Laughing at Auschwitz?
We need our stories to survive.
Tisha B’Av, which we mark this Sunday, commemorates the destruction of both Temples in Jerusalem. It feels like the abrupt end of a story—a rupture that leaves us in a present without promise, a story without a future.
In Jeremiah Lamenting the Destruction of Jerusalem, Rembrandt paints the prophet who had warned of the city’s imminent destruction. With his face resting on his left palm, the city burning behind him, his right arm disappears into shadows, echoing the Psalmist: “If I forget thee, O Jerusalem, let my right hand wither.” Rembrandt’s Jeremiah, eyes down, in despair, has already started to forget.
The closed Bible (“BIBeL”) on which the prophet’s elbow rests is, however, the center of the painting. The Temple aflame, the Book is shut, the Jewish future canceled. The People of the Book, without their book, become an exhibit, suitable for the ‘Museum of an Extinct Race’ that Hitler imagined.
But the painting resists disappearance. Even in this image of catastrophe—the prelude to galut, to exile—there remain glimmers of geula, redemption. The book may be closed, but the painting gestures, quietly, toward a future.

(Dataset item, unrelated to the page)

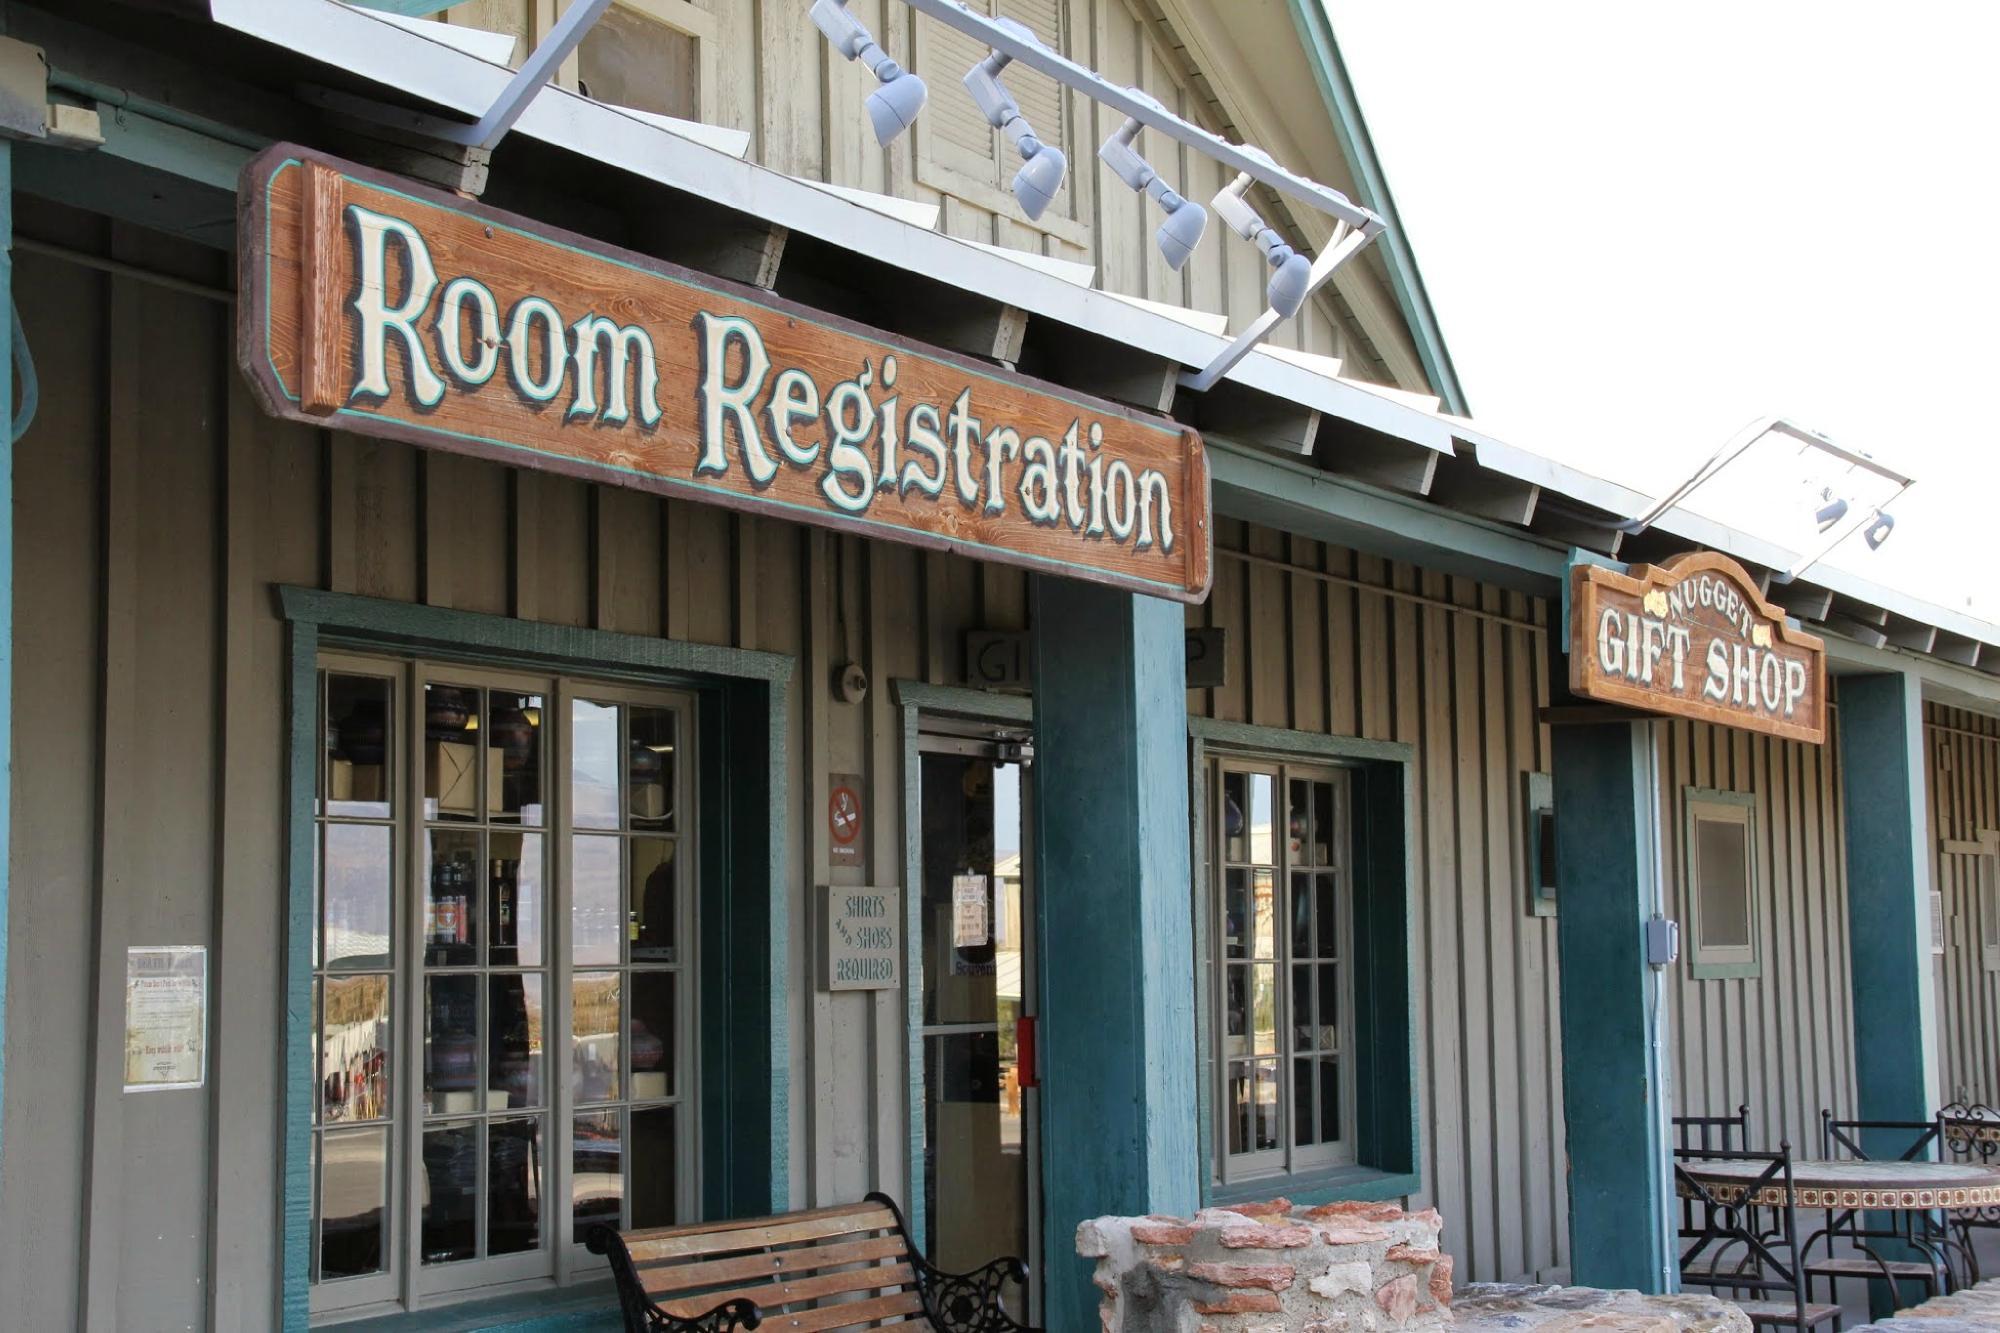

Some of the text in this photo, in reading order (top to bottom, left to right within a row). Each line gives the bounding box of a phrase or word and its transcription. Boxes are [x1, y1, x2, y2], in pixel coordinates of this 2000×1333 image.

The prophet’s exposed right foot, his toe pointing away from the blaze, shows him en route, out of the painting to Rembrandt’s studio, to Amsterdam of the 17th century, and to us today. The Book is closed, but Rembrandt bequeaths Jeremiah to our future. Rembrandt knew the Infinite Book of the Jews is the Source of all Things, that for civilization, Jewish and Western to survive the Book must survive.
Over a thousand years earlier, Rabbi Akiva also struggles in the face of rupture to keep the Book alive.
From the distance of Mount Scopus, Rabbi Akiva and three other sages – R. Gamliel, R. Elazar ben Azaryah, and R. Yehoshua – upon seeing the destroyed city, rend their clothing in mourning.
What Does the Fox Say?
As they approach the Temple Mount, they see the ruins up close, a fox crawling out of the place where the Ark of the Covenant had been kept, the Holy of Holies. The other rabbis are beside themselves with grief, while Akiva laughs among the ruins.
The rabbis undergo a double trauma. The Temple built once by Solomon was destroyed in 586 BCE, only to be rebuilt in the time of Cyrus 70 years later. They witness the second seemingly final destruction. And Akiva laughs.
The three sages rebuke him, quoting Scripture, giving Akiva a lesson in reading: “No stranger shall approach the sanctuary.” “How can a fox now trespass on what was once God’s dwelling place?” they ask. The verse from the Book of Numbers becomes an epitaph. The book is not a source of comfort, but a reminder of its irrelevance. For the other rabbis, Akiva’s laughter is not hopeful—it is obscene. He might as well be laughing at Auschwitz.
But Akiva remains determined. He goes back to the Book—Isaiah, Zechariah, Jeremiah—and finds undiscovered resources for a new beginning. Through reading and rewriting the past, Akiva finds both exile and redemption, extending sacred time into his present and ours – into a future not yet written. Rabbi Akiva does not simply remember, he reanimates. He goes back to the Book he reveres and, from out of it, creates a future.
A Remembered Future
Akiva’s Book is as Ben Bag-Bag, a student of Hillel, describes it: ‘everything is in it,’ even, especially, the messianic prophecy of Zechariah: “Old men and women will dwell in Jerusalem, while boys and girls play in the streets.” Zechariah’s prophecy, still unfulfilled, becomes, through Akiva’s heroism of reading, part of a living future, not a dead past.
His laughter is not the serene laughter of one removed from history, but the joy of shaping the future—drawn from the inexhaustible depths of the Infinite Book.
In these Nine Days leading up to 9 AV, and the terrible history we have shared since October 7th, we live with a paradox: we mourn, we grieve. But we also remember into a future which is upon us to create.
The Infinite Book remains open.
We must read and write our futures together.